In between, the last 21 years of working in IT, I also spent a lot of time working on film sets, notably the films Mary Queen of Scots, The Outlaw King, the series Outlander, Tornado (2025 release) and many other walk-on parts. I also was asked to model for a few different things, and I love doing that outside my day job. It shows a different side to me I feel.

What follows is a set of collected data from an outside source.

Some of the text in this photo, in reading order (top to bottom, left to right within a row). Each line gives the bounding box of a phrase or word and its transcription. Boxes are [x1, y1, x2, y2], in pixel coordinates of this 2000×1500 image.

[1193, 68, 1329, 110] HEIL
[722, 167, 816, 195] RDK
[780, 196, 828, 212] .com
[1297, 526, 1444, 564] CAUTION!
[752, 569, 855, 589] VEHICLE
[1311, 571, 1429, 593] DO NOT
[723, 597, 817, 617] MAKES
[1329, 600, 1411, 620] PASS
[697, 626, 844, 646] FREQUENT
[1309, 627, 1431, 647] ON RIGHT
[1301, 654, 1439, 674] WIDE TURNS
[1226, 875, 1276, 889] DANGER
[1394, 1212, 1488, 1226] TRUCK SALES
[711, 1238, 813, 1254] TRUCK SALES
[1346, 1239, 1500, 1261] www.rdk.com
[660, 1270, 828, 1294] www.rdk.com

Public Speaking, Conference organizing, and more
Whilst I have always been dedicated to my work, I’ve been involved in organizing community events, and whilst working for the Radio Society of Great Britain, I was responsible for organizing the “Scottish radio amateur Convention” the first national event in many years, we opened our doors to 1,500 clients, I arranged the venue, the speakers for the Technology talks, and also did two different talks myself. Part of the role for the RSGB was to visit local radio clubs and societies and listen to the concerns and or thoughts on the RSGB, and to have a series of both RSGB presentations and my own at hand for their consumption. My smallest audience was ten people my largest in excess of 2,400 there is more on this subject in the page on my outside work experience. Incidentally I go by the UK callsign MM0ZIF (Scotland) M0ZIF (England)
So what can I bring from experience to what I do?
Programming knowledge: From design to implementation to deployment and documentation
SEO and Marketing: I have been doing these since before the terms really existed on the internet
HR and Recruiting: I like talking to people recruiting the right person is the key to the role.
Passion: be it for work or knowledge. I am an avid reader, experimenter, and more.
Marcus, has been involved in Internet applications since the dawn of time, he has a massive interest in Scifi and fantasy novels, cooking, Amateur Radio and the Weather as well as many other subjects. Marcus has a Doctorate in Musicology, and is a lifetime scholar. If Marcus doesn't know the answer he will definitely find it!